## EXERCISE
With no addition or omission, return the entries below.

## PROVIDED RECORDS
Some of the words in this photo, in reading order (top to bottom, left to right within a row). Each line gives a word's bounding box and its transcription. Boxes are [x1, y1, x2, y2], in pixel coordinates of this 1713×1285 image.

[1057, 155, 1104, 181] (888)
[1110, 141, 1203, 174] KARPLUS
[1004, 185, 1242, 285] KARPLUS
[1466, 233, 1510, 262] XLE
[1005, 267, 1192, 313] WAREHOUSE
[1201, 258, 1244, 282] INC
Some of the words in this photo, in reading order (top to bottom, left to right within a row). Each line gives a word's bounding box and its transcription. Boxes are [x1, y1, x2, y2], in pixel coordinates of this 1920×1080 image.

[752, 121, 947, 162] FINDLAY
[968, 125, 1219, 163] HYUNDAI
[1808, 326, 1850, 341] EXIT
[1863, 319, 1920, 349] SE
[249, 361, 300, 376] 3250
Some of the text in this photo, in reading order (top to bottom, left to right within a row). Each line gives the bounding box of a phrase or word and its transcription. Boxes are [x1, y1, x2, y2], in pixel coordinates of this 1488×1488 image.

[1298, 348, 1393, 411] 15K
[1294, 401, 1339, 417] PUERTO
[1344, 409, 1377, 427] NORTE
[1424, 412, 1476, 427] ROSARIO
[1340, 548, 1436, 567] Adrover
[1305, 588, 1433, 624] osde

## SOLUTION FOR THIS TASK
Some of the words in this photo, in reading order (top to bottom, left to right within a row). Each line gives a word's bounding box and its transcription. Boxes are [x1, y1, x2, y2], in pixel coordinates of this 1713×1285 image.

[1057, 155, 1104, 181] (888)
[1110, 141, 1203, 174] KARPLUS
[1004, 185, 1242, 285] KARPLUS
[1466, 233, 1510, 262] XLE
[1005, 267, 1192, 313] WAREHOUSE
[1201, 258, 1244, 282] INC
Some of the words in this photo, in reading order (top to bottom, left to right within a row). Each line gives a word's bounding box and its transcription. Boxes are [x1, y1, x2, y2], in pixel coordinates of this 1920×1080 image.

[752, 121, 947, 162] FINDLAY
[968, 125, 1219, 163] HYUNDAI
[1808, 326, 1850, 341] EXIT
[1863, 319, 1920, 349] SE
[249, 361, 300, 376] 3250
Some of the text in this photo, in reading order (top to bottom, left to right within a row). Each line gives the bounding box of a phrase or word and its transcription. Boxes are [x1, y1, x2, y2], in pixel coordinates of this 1488×1488 image.

[1298, 348, 1393, 411] 15K
[1294, 401, 1339, 417] PUERTO
[1344, 409, 1377, 427] NORTE
[1424, 412, 1476, 427] ROSARIO
[1340, 548, 1436, 567] Adrover
[1305, 588, 1433, 624] osde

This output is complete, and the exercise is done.